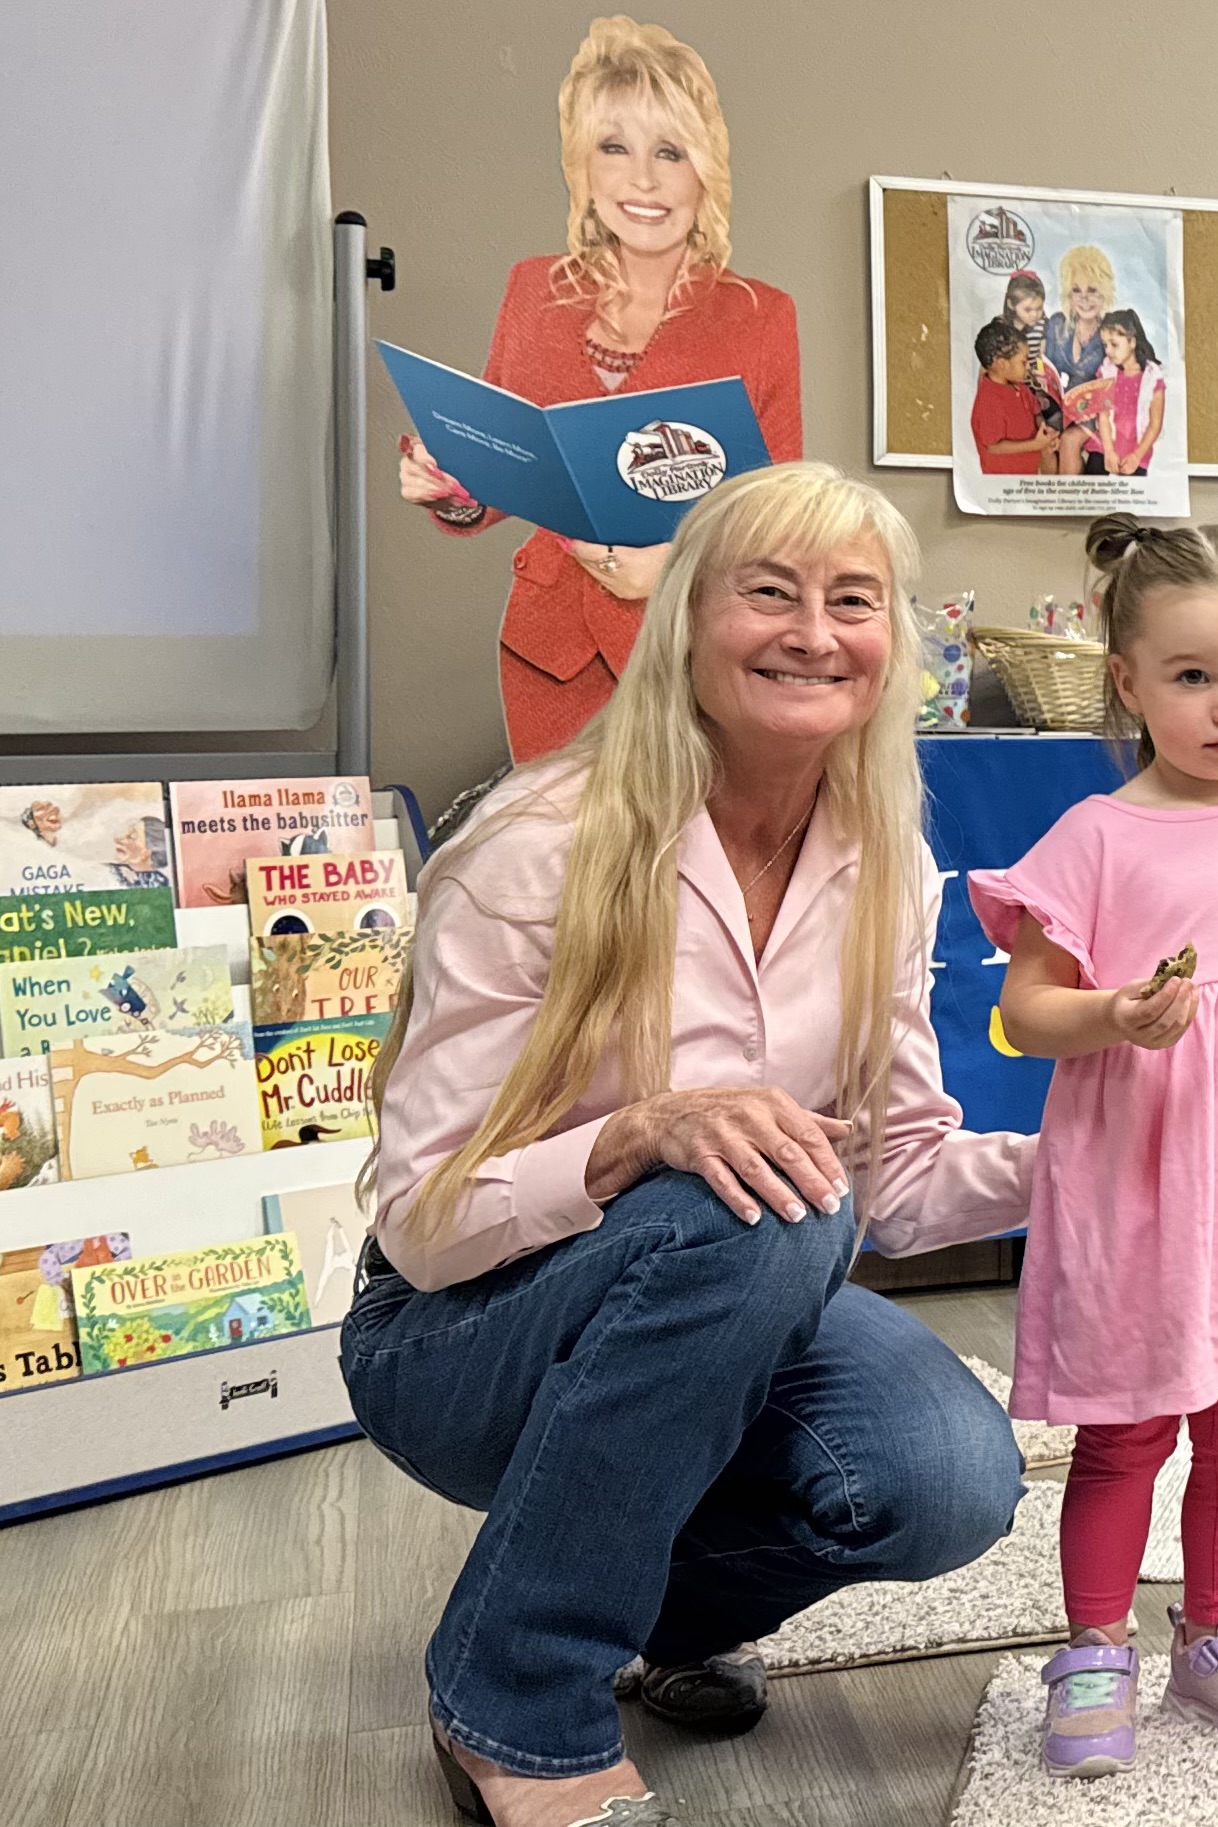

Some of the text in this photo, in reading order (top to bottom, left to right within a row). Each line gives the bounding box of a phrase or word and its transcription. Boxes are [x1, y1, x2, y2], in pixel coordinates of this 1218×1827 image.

[629, 461, 727, 492] IMAGINATION
[652, 477, 713, 500] LIBRARY
[222, 788, 325, 808] llama llama
[181, 809, 368, 834] meets the babysitter
[22, 864, 71, 881] GAGA
[259, 857, 395, 892] THE BABY
[264, 887, 397, 906] WHO STAYED AWAKE
[64, 899, 135, 928] New,
[12, 976, 70, 998] When
[339, 965, 378, 991] OUR
[16, 1003, 112, 1028] You Love
[255, 1037, 380, 1083] Don't Lose
[17, 1068, 50, 1089] His
[92, 1085, 225, 1116] Exactly as Planned
[261, 1083, 296, 1119] Mr.
[110, 1273, 168, 1305] OVER
[188, 1256, 272, 1290] GARDEN
[15, 1341, 82, 1377] Tabl

Exercise goal:
Your response must consist of the material above, reproduced word for word, with the images omitted.

Solved problem:
Some of the text in this photo, in reading order (top to bottom, left to right within a row). Each line gives the bounding box of a phrase or word and its transcription. Boxes are [x1, y1, x2, y2], in pixel coordinates of this 1218×1827 image.

[629, 461, 727, 492] IMAGINATION
[652, 477, 713, 500] LIBRARY
[222, 788, 325, 808] llama llama
[181, 809, 368, 834] meets the babysitter
[22, 864, 71, 881] GAGA
[259, 857, 395, 892] THE BABY
[264, 887, 397, 906] WHO STAYED AWAKE
[64, 899, 135, 928] New,
[12, 976, 70, 998] When
[339, 965, 378, 991] OUR
[16, 1003, 112, 1028] You Love
[255, 1037, 380, 1083] Don't Lose
[17, 1068, 50, 1089] His
[92, 1085, 225, 1116] Exactly as Planned
[261, 1083, 296, 1119] Mr.
[110, 1273, 168, 1305] OVER
[188, 1256, 272, 1290] GARDEN
[15, 1341, 82, 1377] Tabl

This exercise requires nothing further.